● **Dataset entries**
------------------------------------------------------------

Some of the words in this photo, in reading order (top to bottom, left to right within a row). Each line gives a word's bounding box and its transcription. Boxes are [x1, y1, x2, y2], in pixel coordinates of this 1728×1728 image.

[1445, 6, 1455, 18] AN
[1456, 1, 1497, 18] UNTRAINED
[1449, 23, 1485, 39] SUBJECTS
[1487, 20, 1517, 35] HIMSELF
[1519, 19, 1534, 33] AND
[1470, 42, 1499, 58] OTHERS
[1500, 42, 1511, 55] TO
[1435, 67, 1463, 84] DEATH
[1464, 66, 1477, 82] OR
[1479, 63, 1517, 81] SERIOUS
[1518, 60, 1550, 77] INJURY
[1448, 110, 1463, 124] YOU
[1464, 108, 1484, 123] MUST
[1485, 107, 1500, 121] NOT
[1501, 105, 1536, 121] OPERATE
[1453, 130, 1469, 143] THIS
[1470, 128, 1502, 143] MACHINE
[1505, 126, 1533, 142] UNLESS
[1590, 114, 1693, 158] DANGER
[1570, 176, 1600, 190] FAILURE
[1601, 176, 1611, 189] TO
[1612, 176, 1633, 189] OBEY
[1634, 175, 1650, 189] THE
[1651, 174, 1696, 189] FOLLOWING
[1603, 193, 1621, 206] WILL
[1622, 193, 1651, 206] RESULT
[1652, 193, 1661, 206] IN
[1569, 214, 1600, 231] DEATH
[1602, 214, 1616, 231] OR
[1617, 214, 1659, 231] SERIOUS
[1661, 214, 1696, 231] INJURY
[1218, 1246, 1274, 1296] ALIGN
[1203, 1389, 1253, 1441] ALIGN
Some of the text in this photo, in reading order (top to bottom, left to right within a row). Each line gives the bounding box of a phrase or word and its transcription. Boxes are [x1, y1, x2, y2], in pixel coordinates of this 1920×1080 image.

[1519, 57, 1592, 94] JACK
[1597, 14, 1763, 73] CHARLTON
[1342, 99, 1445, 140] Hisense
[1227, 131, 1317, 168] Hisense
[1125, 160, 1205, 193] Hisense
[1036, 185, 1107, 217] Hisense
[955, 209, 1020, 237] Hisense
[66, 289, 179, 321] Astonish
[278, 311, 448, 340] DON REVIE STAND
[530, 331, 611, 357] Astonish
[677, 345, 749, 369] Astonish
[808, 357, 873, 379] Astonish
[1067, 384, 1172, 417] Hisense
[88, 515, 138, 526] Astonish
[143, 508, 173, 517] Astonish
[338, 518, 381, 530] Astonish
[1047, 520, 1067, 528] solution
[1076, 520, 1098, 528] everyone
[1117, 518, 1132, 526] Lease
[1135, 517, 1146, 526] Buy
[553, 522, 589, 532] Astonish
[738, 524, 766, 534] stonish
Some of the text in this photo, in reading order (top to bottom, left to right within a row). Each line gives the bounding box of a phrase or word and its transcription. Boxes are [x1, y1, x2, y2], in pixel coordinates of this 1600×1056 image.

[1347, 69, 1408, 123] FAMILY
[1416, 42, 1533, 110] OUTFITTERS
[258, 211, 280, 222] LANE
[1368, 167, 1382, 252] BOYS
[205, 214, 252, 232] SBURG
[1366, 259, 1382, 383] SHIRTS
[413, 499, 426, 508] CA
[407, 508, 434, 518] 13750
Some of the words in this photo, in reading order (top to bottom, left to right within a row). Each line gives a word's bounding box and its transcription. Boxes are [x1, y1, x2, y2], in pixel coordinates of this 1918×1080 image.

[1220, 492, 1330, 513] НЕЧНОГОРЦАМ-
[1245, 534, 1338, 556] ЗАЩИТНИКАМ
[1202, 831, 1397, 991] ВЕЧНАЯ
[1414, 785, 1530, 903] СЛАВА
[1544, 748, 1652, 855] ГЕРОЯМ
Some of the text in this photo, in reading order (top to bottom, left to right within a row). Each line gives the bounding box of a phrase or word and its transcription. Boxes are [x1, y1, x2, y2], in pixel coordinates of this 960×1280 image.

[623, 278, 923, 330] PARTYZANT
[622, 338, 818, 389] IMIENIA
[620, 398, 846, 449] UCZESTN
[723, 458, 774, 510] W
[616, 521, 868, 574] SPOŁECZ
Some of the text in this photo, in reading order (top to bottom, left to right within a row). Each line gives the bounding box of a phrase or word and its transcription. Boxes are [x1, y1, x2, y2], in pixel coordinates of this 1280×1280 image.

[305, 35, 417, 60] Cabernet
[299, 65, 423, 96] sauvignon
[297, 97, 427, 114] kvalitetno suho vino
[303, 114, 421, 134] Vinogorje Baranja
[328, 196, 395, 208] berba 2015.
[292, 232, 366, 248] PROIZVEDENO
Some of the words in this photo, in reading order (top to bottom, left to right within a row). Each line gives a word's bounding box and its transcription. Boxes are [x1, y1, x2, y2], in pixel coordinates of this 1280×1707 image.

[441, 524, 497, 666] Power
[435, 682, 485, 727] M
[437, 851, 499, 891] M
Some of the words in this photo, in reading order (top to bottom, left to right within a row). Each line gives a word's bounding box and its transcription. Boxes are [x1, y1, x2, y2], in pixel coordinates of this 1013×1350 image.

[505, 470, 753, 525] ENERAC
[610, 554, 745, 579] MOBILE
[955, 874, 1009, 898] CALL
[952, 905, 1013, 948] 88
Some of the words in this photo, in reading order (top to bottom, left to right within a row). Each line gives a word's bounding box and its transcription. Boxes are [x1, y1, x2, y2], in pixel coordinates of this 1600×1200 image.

------------------------------------------------------------

● **Directions**
The answer should contain every line of the data, unchanged.

● **Response below**
Some of the words in this photo, in reading order (top to bottom, left to right within a row). Each line gives a word's bounding box and its transcription. Boxes are [x1, y1, x2, y2], in pixel coordinates of this 1728×1728 image.

[1445, 6, 1455, 18] AN
[1456, 1, 1497, 18] UNTRAINED
[1449, 23, 1485, 39] SUBJECTS
[1487, 20, 1517, 35] HIMSELF
[1519, 19, 1534, 33] AND
[1470, 42, 1499, 58] OTHERS
[1500, 42, 1511, 55] TO
[1435, 67, 1463, 84] DEATH
[1464, 66, 1477, 82] OR
[1479, 63, 1517, 81] SERIOUS
[1518, 60, 1550, 77] INJURY
[1448, 110, 1463, 124] YOU
[1464, 108, 1484, 123] MUST
[1485, 107, 1500, 121] NOT
[1501, 105, 1536, 121] OPERATE
[1453, 130, 1469, 143] THIS
[1470, 128, 1502, 143] MACHINE
[1505, 126, 1533, 142] UNLESS
[1590, 114, 1693, 158] DANGER
[1570, 176, 1600, 190] FAILURE
[1601, 176, 1611, 189] TO
[1612, 176, 1633, 189] OBEY
[1634, 175, 1650, 189] THE
[1651, 174, 1696, 189] FOLLOWING
[1603, 193, 1621, 206] WILL
[1622, 193, 1651, 206] RESULT
[1652, 193, 1661, 206] IN
[1569, 214, 1600, 231] DEATH
[1602, 214, 1616, 231] OR
[1617, 214, 1659, 231] SERIOUS
[1661, 214, 1696, 231] INJURY
[1218, 1246, 1274, 1296] ALIGN
[1203, 1389, 1253, 1441] ALIGN
Some of the text in this photo, in reading order (top to bottom, left to right within a row). Each line gives the bounding box of a phrase or word and its transcription. Boxes are [x1, y1, x2, y2], in pixel coordinates of this 1920×1080 image.

[1519, 57, 1592, 94] JACK
[1597, 14, 1763, 73] CHARLTON
[1342, 99, 1445, 140] Hisense
[1227, 131, 1317, 168] Hisense
[1125, 160, 1205, 193] Hisense
[1036, 185, 1107, 217] Hisense
[955, 209, 1020, 237] Hisense
[66, 289, 179, 321] Astonish
[278, 311, 448, 340] DON REVIE STAND
[530, 331, 611, 357] Astonish
[677, 345, 749, 369] Astonish
[808, 357, 873, 379] Astonish
[1067, 384, 1172, 417] Hisense
[88, 515, 138, 526] Astonish
[143, 508, 173, 517] Astonish
[338, 518, 381, 530] Astonish
[1047, 520, 1067, 528] solution
[1076, 520, 1098, 528] everyone
[1117, 518, 1132, 526] Lease
[1135, 517, 1146, 526] Buy
[553, 522, 589, 532] Astonish
[738, 524, 766, 534] stonish
Some of the text in this photo, in reading order (top to bottom, left to right within a row). Each line gives the bounding box of a phrase or word and its transcription. Boxes are [x1, y1, x2, y2], in pixel coordinates of this 1600×1056 image.

[1347, 69, 1408, 123] FAMILY
[1416, 42, 1533, 110] OUTFITTERS
[258, 211, 280, 222] LANE
[1368, 167, 1382, 252] BOYS
[205, 214, 252, 232] SBURG
[1366, 259, 1382, 383] SHIRTS
[413, 499, 426, 508] CA
[407, 508, 434, 518] 13750
Some of the words in this photo, in reading order (top to bottom, left to right within a row). Each line gives a word's bounding box and its transcription. Boxes are [x1, y1, x2, y2], in pixel coordinates of this 1918×1080 image.

[1220, 492, 1330, 513] НЕЧНОГОРЦАМ-
[1245, 534, 1338, 556] ЗАЩИТНИКАМ
[1202, 831, 1397, 991] ВЕЧНАЯ
[1414, 785, 1530, 903] СЛАВА
[1544, 748, 1652, 855] ГЕРОЯМ
Some of the text in this photo, in reading order (top to bottom, left to right within a row). Each line gives the bounding box of a phrase or word and its transcription. Boxes are [x1, y1, x2, y2], in pixel coordinates of this 960×1280 image.

[623, 278, 923, 330] PARTYZANT
[622, 338, 818, 389] IMIENIA
[620, 398, 846, 449] UCZESTN
[723, 458, 774, 510] W
[616, 521, 868, 574] SPOŁECZ
Some of the text in this photo, in reading order (top to bottom, left to right within a row). Each line gives the bounding box of a phrase or word and its transcription. Boxes are [x1, y1, x2, y2], in pixel coordinates of this 1280×1280 image.

[305, 35, 417, 60] Cabernet
[299, 65, 423, 96] sauvignon
[297, 97, 427, 114] kvalitetno suho vino
[303, 114, 421, 134] Vinogorje Baranja
[328, 196, 395, 208] berba 2015.
[292, 232, 366, 248] PROIZVEDENO
Some of the words in this photo, in reading order (top to bottom, left to right within a row). Each line gives a word's bounding box and its transcription. Boxes are [x1, y1, x2, y2], in pixel coordinates of this 1280×1707 image.

[441, 524, 497, 666] Power
[435, 682, 485, 727] M
[437, 851, 499, 891] M
Some of the words in this photo, in reading order (top to bottom, left to right within a row). Each line gives a word's bounding box and its transcription. Boxes are [x1, y1, x2, y2], in pixel coordinates of this 1013×1350 image.

[505, 470, 753, 525] ENERAC
[610, 554, 745, 579] MOBILE
[955, 874, 1009, 898] CALL
[952, 905, 1013, 948] 88
Some of the words in this photo, in reading order (top to bottom, left to right within a row). Each line gives a word's bounding box and its transcription. Boxes are [x1, y1, x2, y2], in pixel coordinates of this 1600×1200 image.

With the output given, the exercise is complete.